Systematic Computation of Braid Generator Matrix in Topological Quantum Computing

TL;DR

This paper introduces a systematic numerical method for computing elementary braid matrices in topological quantum computing, applicable to all anyon models, enabling complex quantum circuit simulations and state preparations.

Contribution

The paper presents a novel, general numerical approach for braid matrix computation in TQC, including new braiding moves and algorithms for systems with many anyons and complex fusion patterns.

Findings

Validated by simulating an approximate CNOT gate

Successfully simulated a GHZ state with five qubits using Fibonacci anyons

Method is effective across various anyonic models

Abstract

We provide a comprehensive systematic method for the numerical computation of elementary braid operations in topological quantum computation (TQC). This {procedure} is systematically applicable to all anyon models, including $SU(2)_k$. Braiding non-abelian anyons is the essence of TQC, offering a topologically protected implementation of quantum gates. However, obtaining elementary braid matrix representations starting from the fusion and rotation matrices of a specific anyon model is {theoretically guarenteed but no numerical method is given, especially for systems with numerous anyons and complex fusion patterns.

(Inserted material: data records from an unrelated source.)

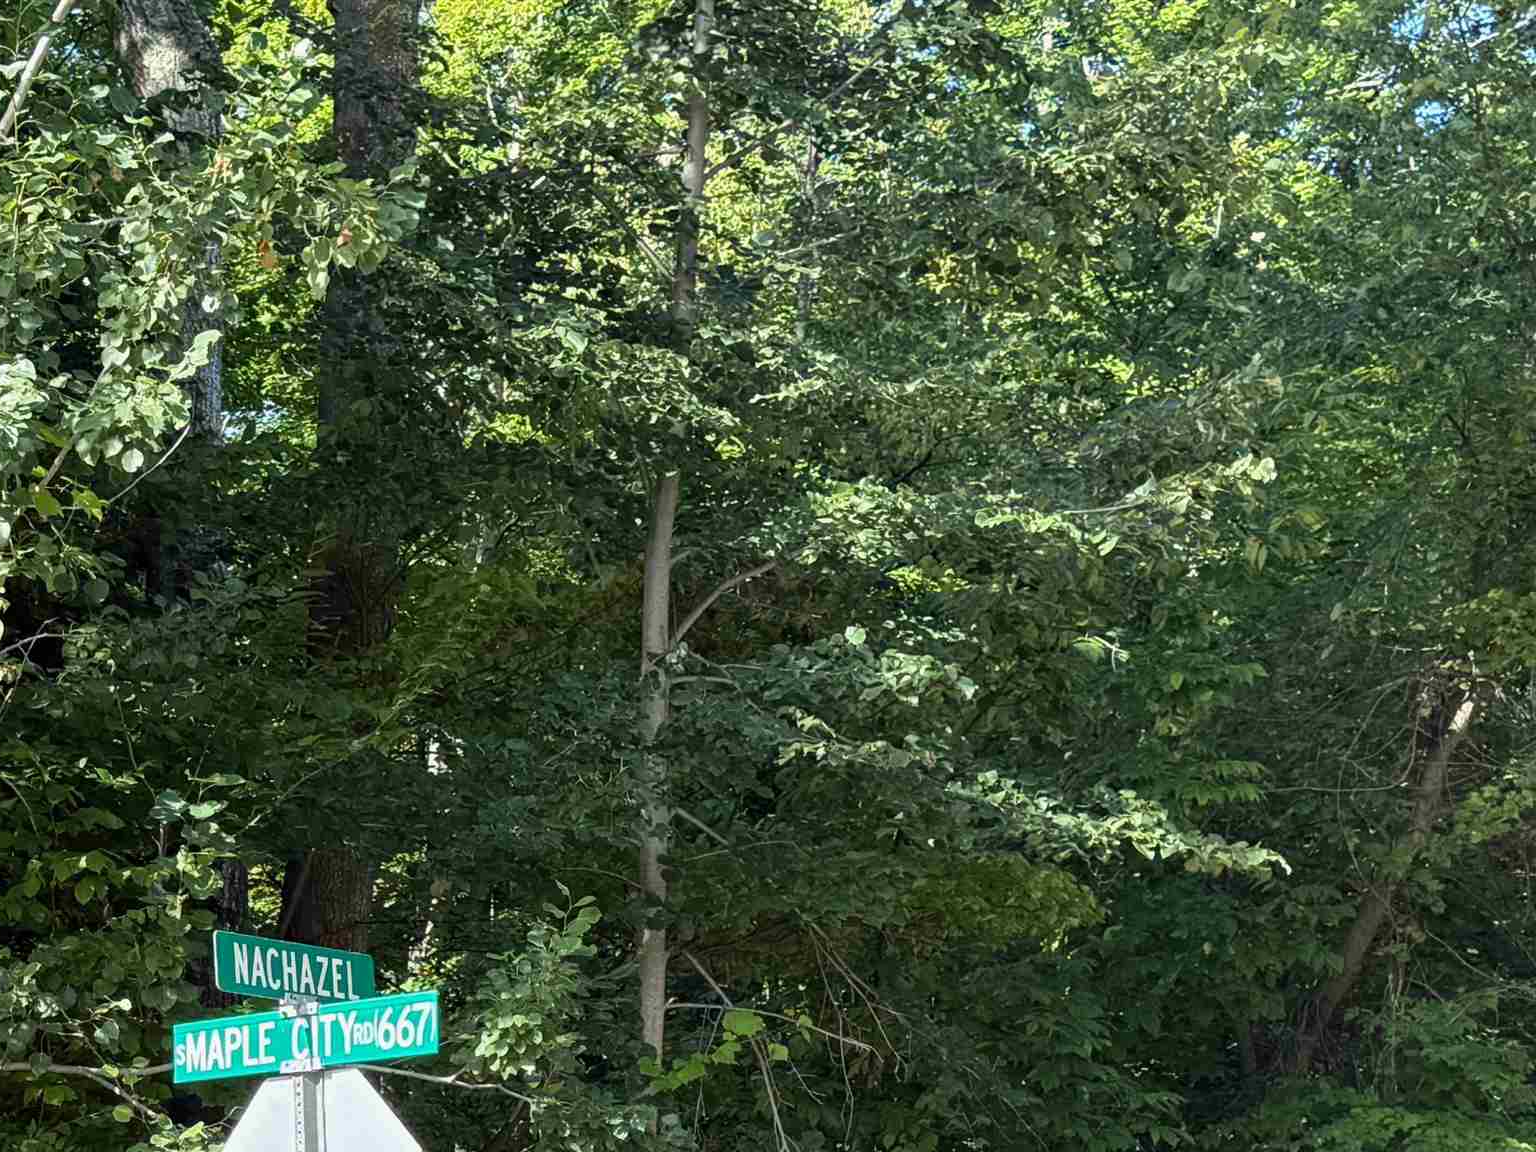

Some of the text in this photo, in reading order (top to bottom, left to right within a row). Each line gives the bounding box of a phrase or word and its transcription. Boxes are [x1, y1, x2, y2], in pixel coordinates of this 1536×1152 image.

[233, 942, 360, 1001] NACHAZEL
[175, 1043, 186, 1067] S
[185, 1020, 276, 1073] MAPLE
[291, 1010, 358, 1060] CITY
[353, 1020, 374, 1046] RD

Our proposed method addresses this challenge, first in the special case of sparse encoding, allowing for the inclusion of an arbitrary number of anyons per qudit, {and in the general case}. This is accomplished by introducing two methods, one is based on a novel braiding move we call knitting, {the second introduces more general algorithm which is optimal in number of required moves}. The method plays a key role in a broad topological quantum circuit simulator, enabling the examination and study of complex quantum circuits within the TQC framework. Importantly, it proves effective across various anyonic models, accommodating diverse fusion rules. We validate the method by simulating an approximated CNOT gate and present a first-of-a-kind GHZ state simulation on five qubits using three Fibonacci anyons per qubit.